Figure 1 (A–D) Enhanced CT of the abdomen showed that the common hepatic duct, the beginning of the left hepatic duct (red arrow), the right hepatic duct (green arrow) and its branch walls were thickened and gradually strengthened. The intrahepatic bile ducts were slightly dilated. The pancreas (orange arrow) was full, and the edges were irregular. After the enhancement, the enhancement at the arterial phase decreased and showed low density. But it further enhanced with the delay. No pancreatic duct dilation was seen; (E) Biliary MRCP indicated multi-segment lumen stenosis of the bile duct. The thickening of the tube wall involved a large extent, which did not match the degree of lumen expansion. The thickening of the tube wall was obvious, irregular, and asymmetric; (F) The enhanced MRI of liver indicated that the bile duct wall was gradually strengthened. The pancreas was full with straight contour. The T2 signal was increased,and the TI signal was reduced. The enhancement was uniform. The pancreatic duct was not dilated.

FIGURE 2

Figure 2 The immunohistochemical staining for IgG4 of the left submandibular gland and gastric antrum mucosal tissue (Case 1).

Case 2

A 65-year-old male presented with fatigue and edema of both lower extremities for three months. One month ago, the patient felt his fatigue was aggravated and accompanied by darkening of urine. Liver function test including AST, ALT, ƴGT, ALP, total bilirubin were all elevated. The IgG4 subtype test revealed an IgG4 level of 7.69 g/L. The results of lymph node ultrasound showed that several lymph nodes with a size of 1-2cm were seen on both sides of the neck, supraclavicular fossa and submandibular gland. Parotid glands and lacrimal glands on both sides enlarged, and echoes were uneven reduced. Enhanced CT of the abdomen showed gallstone and thick colon wall with stratified strengthening. Therefore, the patient underwent gastrointestinal endoscopy. Endoscopy revealed chronic atrophic gastritis and multiple colon polyps. We took pathology for the submandibular gland, stomach tissue and intestinal polyps. The pathological diagnosis showed (Figure 3) the infiltration of IgG4 cells. The results of the immunohistochemical analysis were as follows: the submandibular gland cells were positive for IgG4 (40/HPF), CD38 (+); the stomach tissue were positive for IgG4 (15/HPF), CK (epithelial +), CD38 (interregion +), CEA (+), Ki-67 (80% +); and intestinal polyps was positive for IgG4 (+40/HPF), CD38 (interregion +), Ki-67(95%+). The patient was ultimately diagnosed with IgG4-related gastrointestinal diseases. After the patient was admitted to the hospital, he received drugs to protect the liver and reduce jaundice, such as ursodeoxycholic acid and bicyclol. Under more than one month of treatment, the symptoms improved significantly and the liver function indicators gradually get better. The follow-up is currently ongoing at present.

FIGURE 3

Figure 3 The immunohistochemical staining for IgG4 of the submandibular gland and intestinal polyps (Case 2).

Discussion

Serum IgG4 elevation can occur in many diseases, such as IgG4-RD, autoimmune liver disease, tumors, and viral hepatitis. IgG4-RD is the most common cause of serum IgG4 elevation. Studies have shown that the sensitivity of serum IgG4>135 mg/dL for the diagnosis of IgG4-RD is 97.0%, and the specificity is 79.6%. IgG4≥2.8 g/L can help distinguish IgG4-RD from non-IgG4-RD diseases and evaluate the degree of organ involvement and the risk of recurrence (2). However, other diseases can also lead to an increase in IgG4. The study of Yang showed that 22.2% of non-IgG4-RD patients had rheumatic diseases with elevated IgG4 (3). And the elevation of IgG4 can be seen in allergy, tumor, and infection-related diseases (4)

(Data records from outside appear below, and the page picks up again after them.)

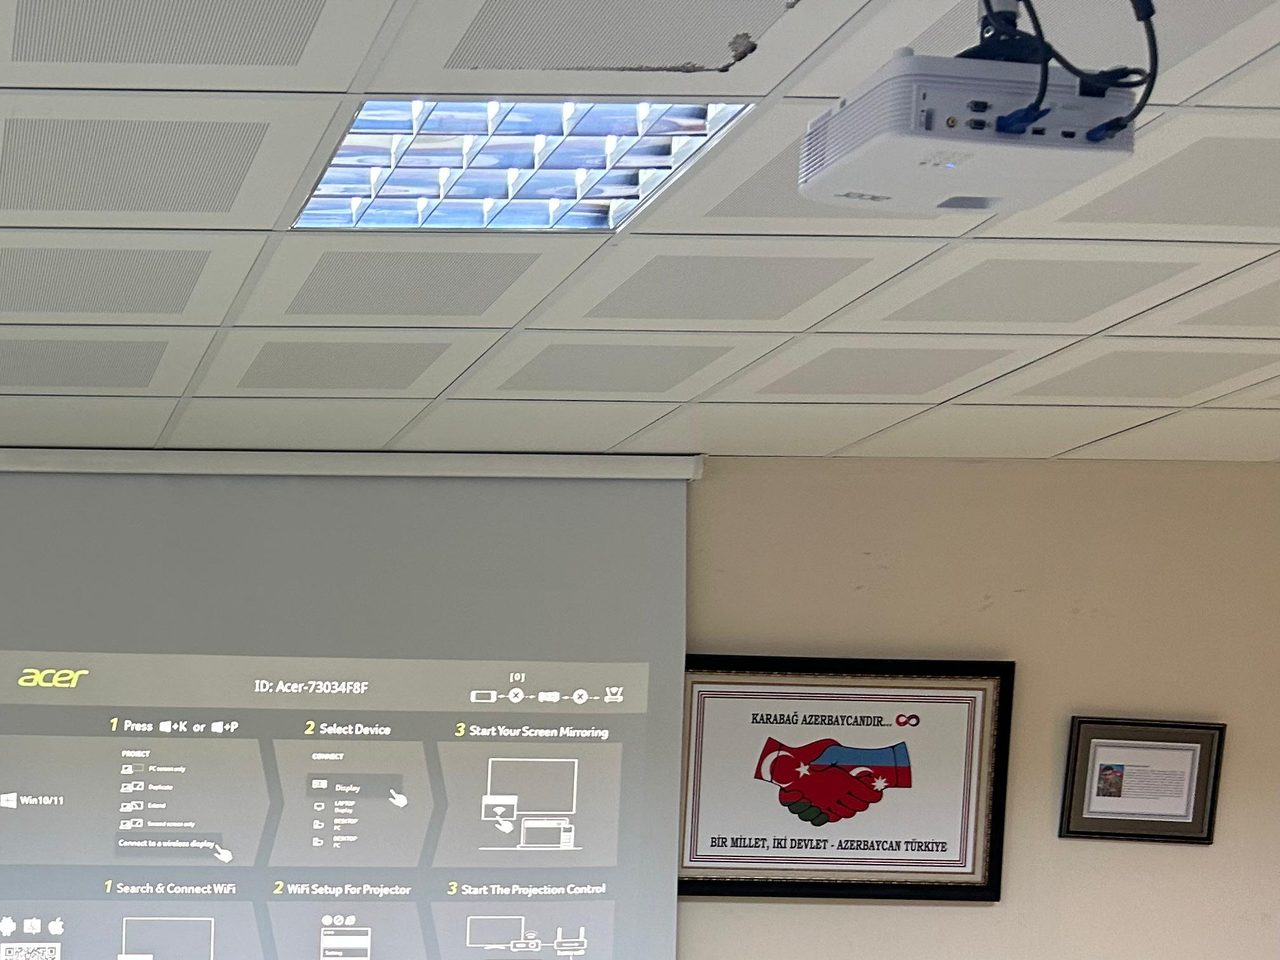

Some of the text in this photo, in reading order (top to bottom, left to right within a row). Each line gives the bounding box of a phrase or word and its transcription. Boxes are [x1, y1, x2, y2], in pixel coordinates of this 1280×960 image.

[17, 667, 89, 689] acer
[254, 679, 369, 694] ID: Acer-73034F8F
[110, 717, 119, 732] 1
[123, 720, 154, 732] Press
[192, 723, 207, 732] or
[751, 711, 892, 727] KARABAĞ AZERBAYCANDIR...
[304, 720, 392, 736] 2 Select Device
[454, 722, 609, 740] 3 Start Your Screen Mirroring
[335, 784, 361, 794] Display
[20, 795, 64, 806] Win10/11
[118, 839, 148, 847] Connect
[189, 840, 215, 849] display
[710, 834, 728, 848] BİR
[730, 834, 770, 851] MİLLET,
[772, 836, 788, 849] İKİ
[789, 838, 828, 850] DEVLET
[836, 839, 902, 851] AZERBAYCAN
[903, 838, 948, 852] TÜRKİYE
[104, 879, 237, 894] 1 Search & Connect WiFi
[272, 880, 412, 897] 2 WiFi Setup For Projector
[447, 880, 607, 898] 3 Start The Projection Control

The role of IgG4 in the immune system is reflected in many aspects. First, due to the unique structural characteristics of IgG4, the heterogeneity of the Fab segment leads to less flexibility and the inability to form immune complexes (5). Secondly, the Fc segment of IgG4 can not activate of complement C1q (6), which belongs to low complement affinity. It cannot activate the classical complement pathway and inflammatory cells to clear the antigen. So it has certain anti-inflammatory protective effect. Secondly, IgG4 promotes the occurrence and development of malignant tumors through immune tolerance and immune escape mechanisms (7). Although IgG4 seems to have protective effect, it is still pathogenic. IgG4 levels are elevated in some immune diseases and positively correlated with severity. But whether IgG4 is pathogenic in IgG4-RD should be further explored. Th2 immune response plays an important role in IgG4-RD. Th2 cytokines (IL-4, IL-10, IL-13) are highly expressed in IgG4-RD damaged tissue and peripheral monocytes. IL-4 and IL -13 have been shown to promote the conversion of IgG1 to IgG4 (8). This process requires the recognition of T and B cells. So the cytokines of CD4+ T cells and follicular helper T cells (Tfhs) also play an important role in IgG4-RD.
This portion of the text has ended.